When I’m 64

The monthly meeting of the Jonny Pals came to order the way all bad ideas do—too late and with a hangover. Smoke hung in the room like a guilty conscience while Bro Joe banged a chipped coffee mug against the folding table and cleared his throat like he was calling witnesses to the stand. “It’s December,” he said, squinting under the flickering light, “and that means Jonny’s birthday is coming up.” The legendary Junior Ranger leaned back in his chair and sneered. “How old’s the moron gonna be this year? 35? 36?” Rosie De Candia, the recording secretary, thumbed through her almanac like it was a police blotter and froze. Her eyes went wide. “64,” she said. The room went quiet. “That can’t be right. Have you seen the way that guy eats? I had 28 in the Death Pool and nearly choked when he blew past that. Anybody got him older than 64?”
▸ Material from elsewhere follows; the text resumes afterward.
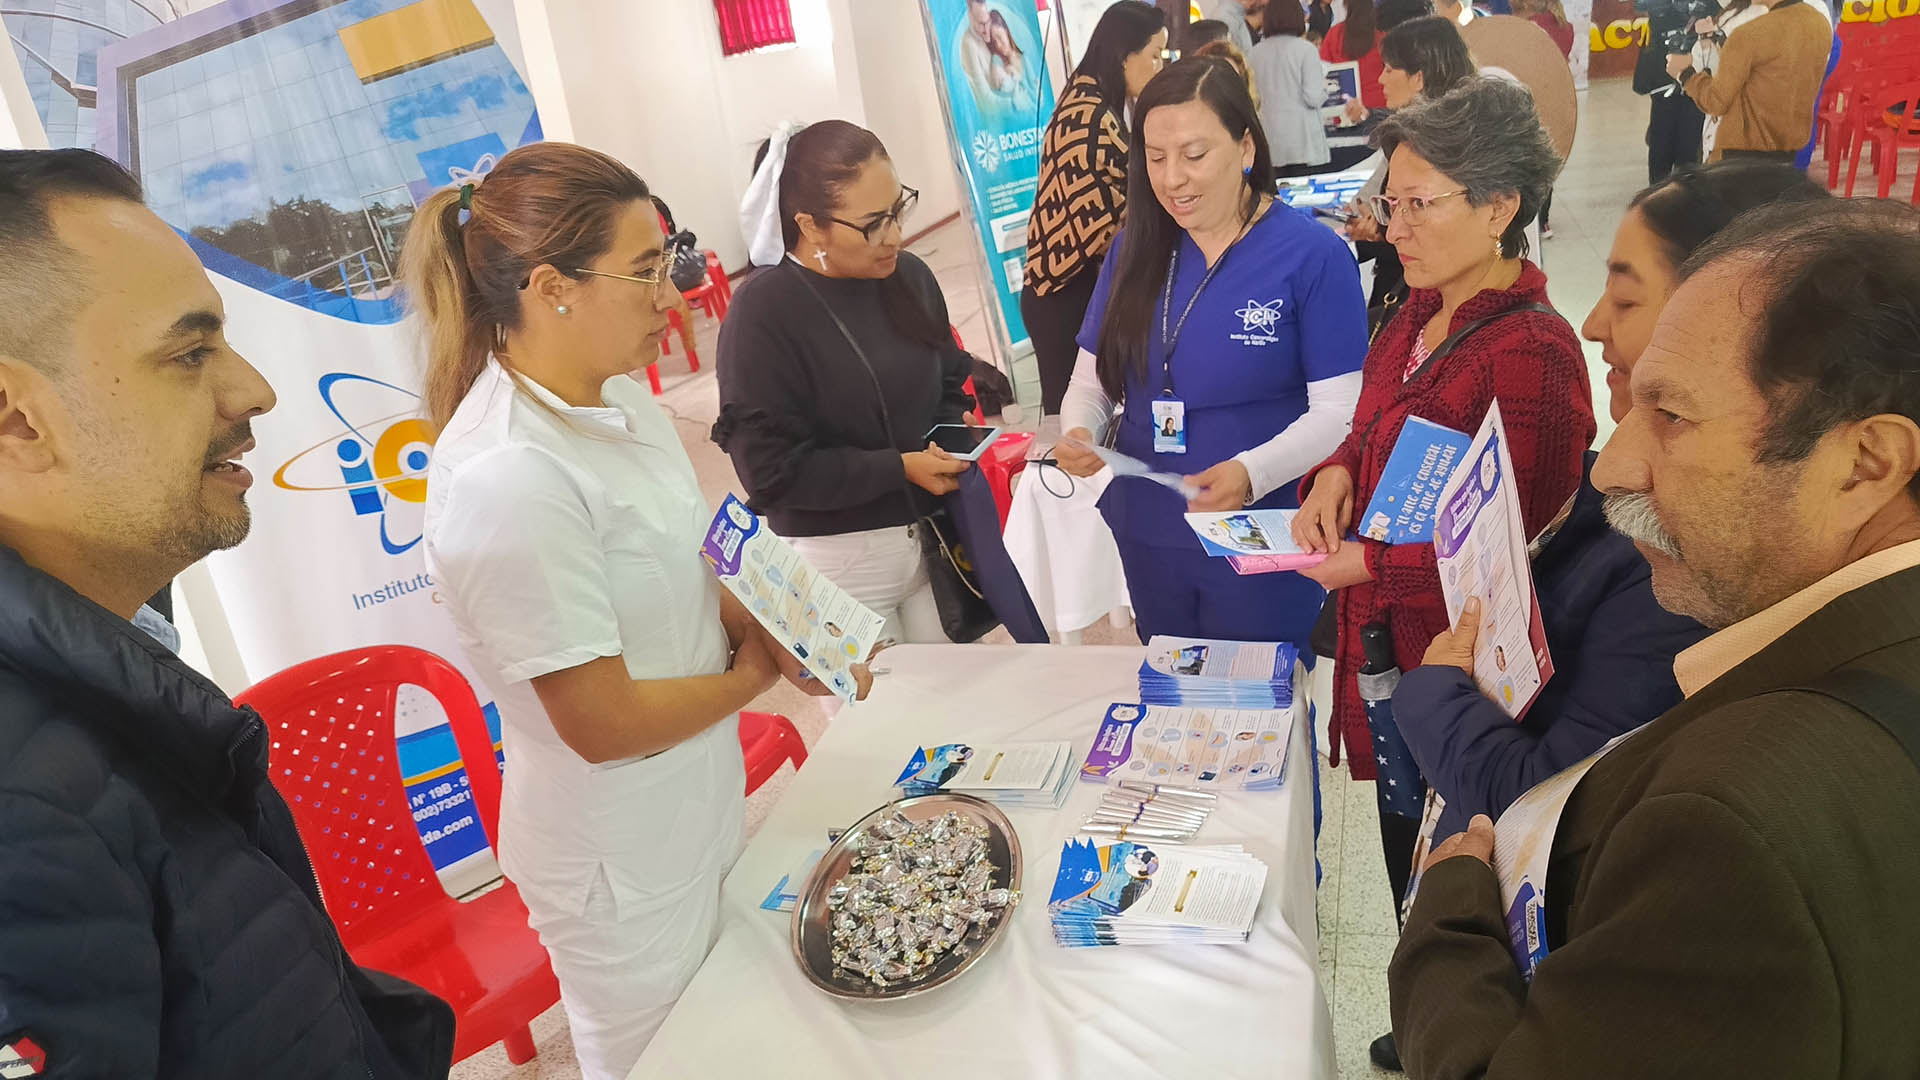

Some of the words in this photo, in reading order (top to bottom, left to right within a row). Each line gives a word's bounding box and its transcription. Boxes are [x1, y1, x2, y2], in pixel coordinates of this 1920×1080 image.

[1434, 444, 1457, 477] ayudar
[1411, 481, 1425, 495] de
[1428, 478, 1442, 491] de
They took a poll, the kind that ends friendships, and the verdict was unanimous: Jonny had outlived every reasonable expectation. “Well, shit,” Bro Joe muttered, letting his eyes drift where they weren’t welcome, toward the gorgeous Davida Bourland, who stared straight through him like he was already dead—something that had become fashionable after the Washington Post ran that unforgettable list of his accumulated STDs five years back. “This changes things,” he said. “I was banking on Jonny checking out so I could inherit his fortune and square up with the mob.” He spat on the floor and shrugged. “Turns out Boris has the money, and he hates my guts. So instead of cursing Jonny’s longevity like a bad rash, we’re gonna celebrate it.” He cracked a crooked grin. “This year, we throw a party to end all parties. If he won’t die, we might as well drink to it.”

The Protectors

Jonny was just cracking open the morning paper when Boris staggered out of the crime lab like a sailor off a week-long bender. The pug’s eyes were bloodshot from pulling an all-nighter with nothing but fluorescent lights and government-issue coffee to keep him company. The Feds had dumped a stack of anonymous death-threat letters on him—nasty business aimed at the newly announced Nobel Prize winners. Boris had worked the envelopes like a maestro, but the only thing he could pull from the saliva was the ghost of fast food: Big Macs and Filet-O-Fish fingerprints in biochemical form. He muttered something about cholesterol profiles and brand loyalty before face-planting onto the nearest chair.

Meanwhile, Jonny scanned the front page, brow furrowing at names he didn’t recognize—Barack Obama, Robert Fauci, and one Albert Einstine… Einsteen… some German egghead whose name looked like a winning Scrabble hand. But then his eyes snagged on a name he DID know, one that hit him like a thrown blackjack: Bro Joe, fresh winner of the Literature Prize for that book he’d written about the crackpots haunting the local Starbucks. Jonny shut the paper with a snap, marched to the old rolltop desk, and fished out a pair of dusty passports. He tossed one to Boris, who caught it like a man grabbing the last donut at a stakeout. “Pack your trench coat,” Jonny said. “We’re flying to Sweden. Those Nobel nerds don’t know it yet, but along with a certificate and a novelty-sized penny, they just won the two best bodyguards in the business.”

The Hair of My Chinny-Chin-Chin

Happy Decembeard! It’s an annual campaign where people grow beards (or fake beards) during December to raise money and awareness for bowel cancer, a serious but treatable disease, especially when caught early. Participants start clean-shaven on November 30th, grow their facial hair all December, and use it as a conversation starter to educate others about symptoms like changes in bowel habits and blood in stool.
Since those are Hack’s favorite topics of conversation throughout the year, it’s not a big deal to him, but we thought you’d like to know.

Murder in the Doritory

Before Boris could answer, there was a sharp rap on the dorm room door. He and Jonny quickly threw on their wigs and long nightgowns and gave each other the thumbs up that they could safely pass for their female alter egos “Jonna” and “Boreen’” The pug opened the door to find Chloé, the bespectacled brunette who had bonded with Jonna, shivering at the door wrapped in only a small bath towel.

“With all the murders going on in the dormitory,” she said to Boris, “I didn’t want to sleep alone tonight. Is it alright if I sleep with Jonna?” Then she turned to Jonny. “But I forgot to bring my nightie from the murder room, so I’ll have to cuddle up to you in the nude. Is that okay?”

Boris shot Jonny a concerned look. This would be crossing a serious ethical line, but by refusing her they might lose her hard-earned trust. But before the pug could say anything, his partner was already in bed, raising a corner of the blanket that beckoned the scantily clad beauty to join her confidante.

“Hop in,” said Jonna with a puzzling wolf-like grin.